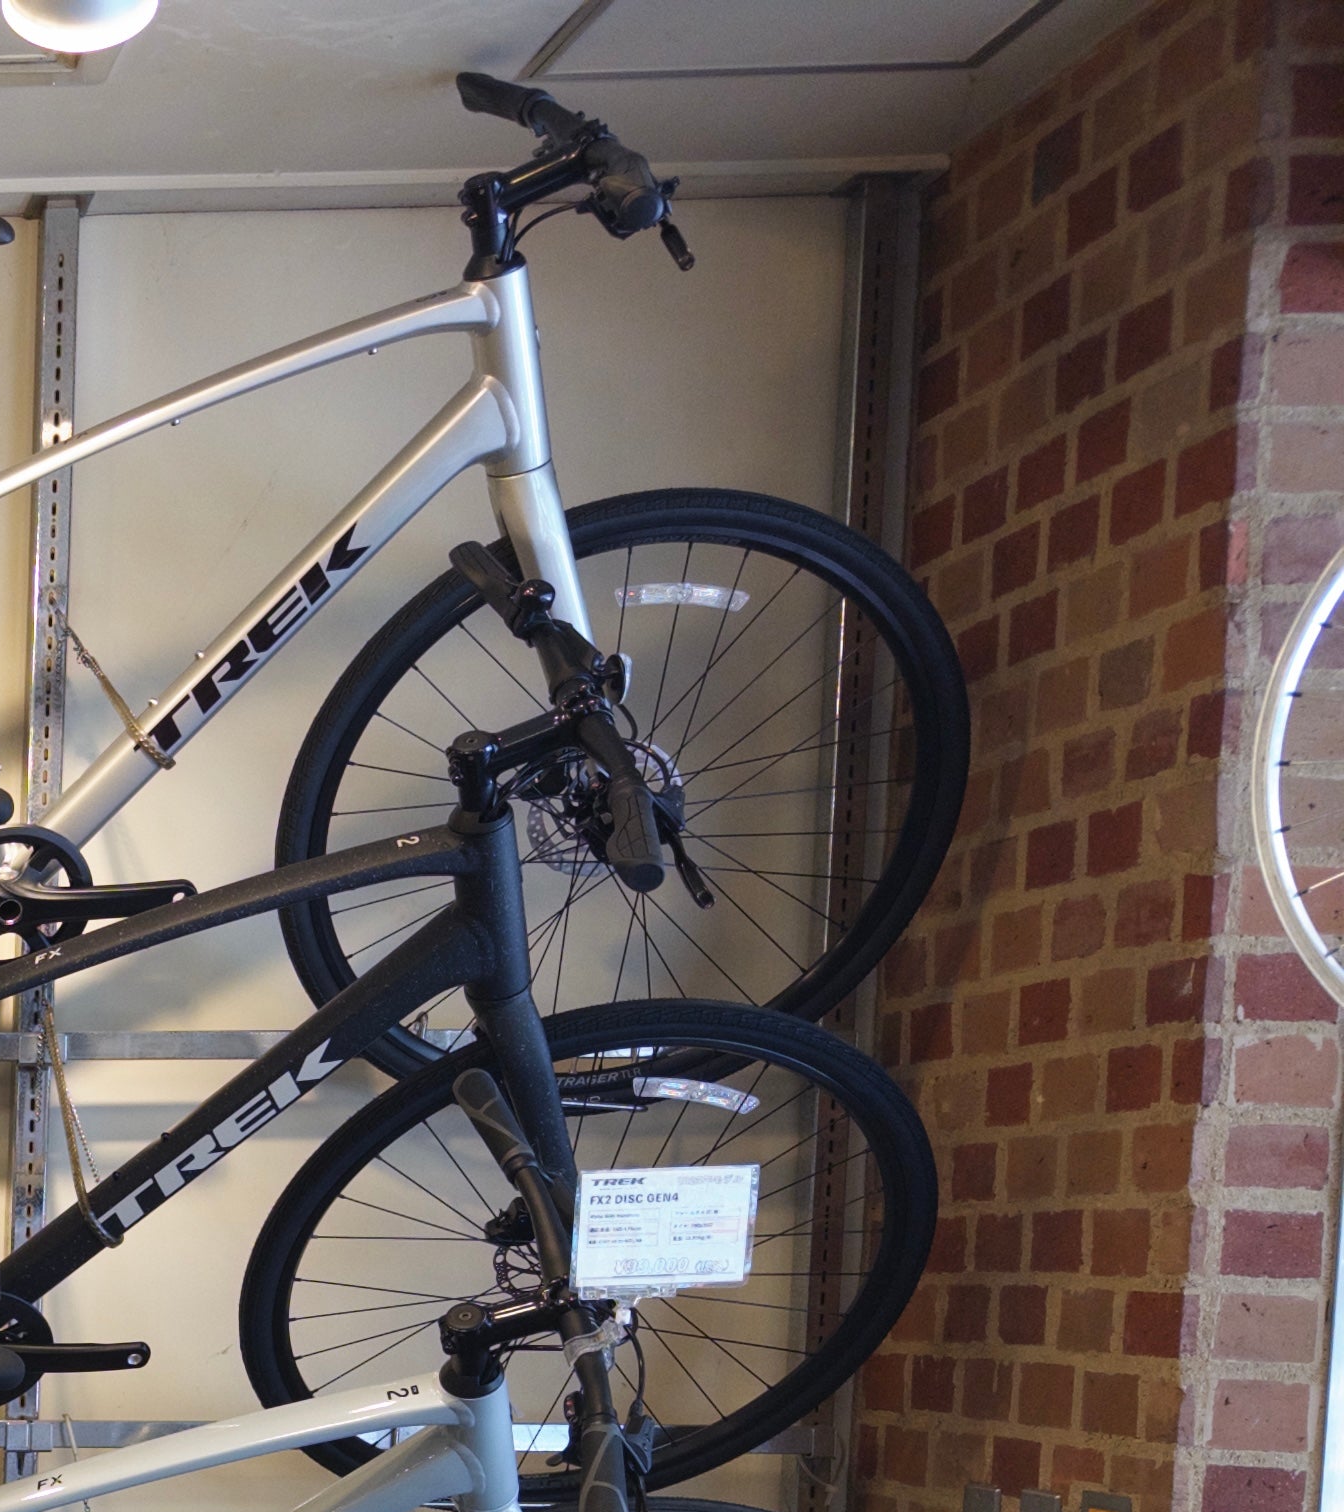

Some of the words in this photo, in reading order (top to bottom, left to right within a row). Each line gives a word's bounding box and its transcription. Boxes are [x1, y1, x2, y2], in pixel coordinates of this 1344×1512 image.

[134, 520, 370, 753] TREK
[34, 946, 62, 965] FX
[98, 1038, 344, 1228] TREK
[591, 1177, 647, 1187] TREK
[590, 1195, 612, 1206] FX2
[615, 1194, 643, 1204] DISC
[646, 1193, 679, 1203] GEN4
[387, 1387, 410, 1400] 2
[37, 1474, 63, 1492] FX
* * *
* Problem description: What you return should be all of the material above, exactly, and none of its pictures.

* Task output:
Some of the words in this photo, in reading order (top to bottom, left to right within a row). Each line gives a word's bounding box and its transcription. Boxes are [x1, y1, x2, y2], in pixel coordinates of this 1344×1512 image.

[134, 520, 370, 753] TREK
[34, 946, 62, 965] FX
[98, 1038, 344, 1228] TREK
[591, 1177, 647, 1187] TREK
[590, 1195, 612, 1206] FX2
[615, 1194, 643, 1204] DISC
[646, 1193, 679, 1203] GEN4
[387, 1387, 410, 1400] 2
[37, 1474, 63, 1492] FX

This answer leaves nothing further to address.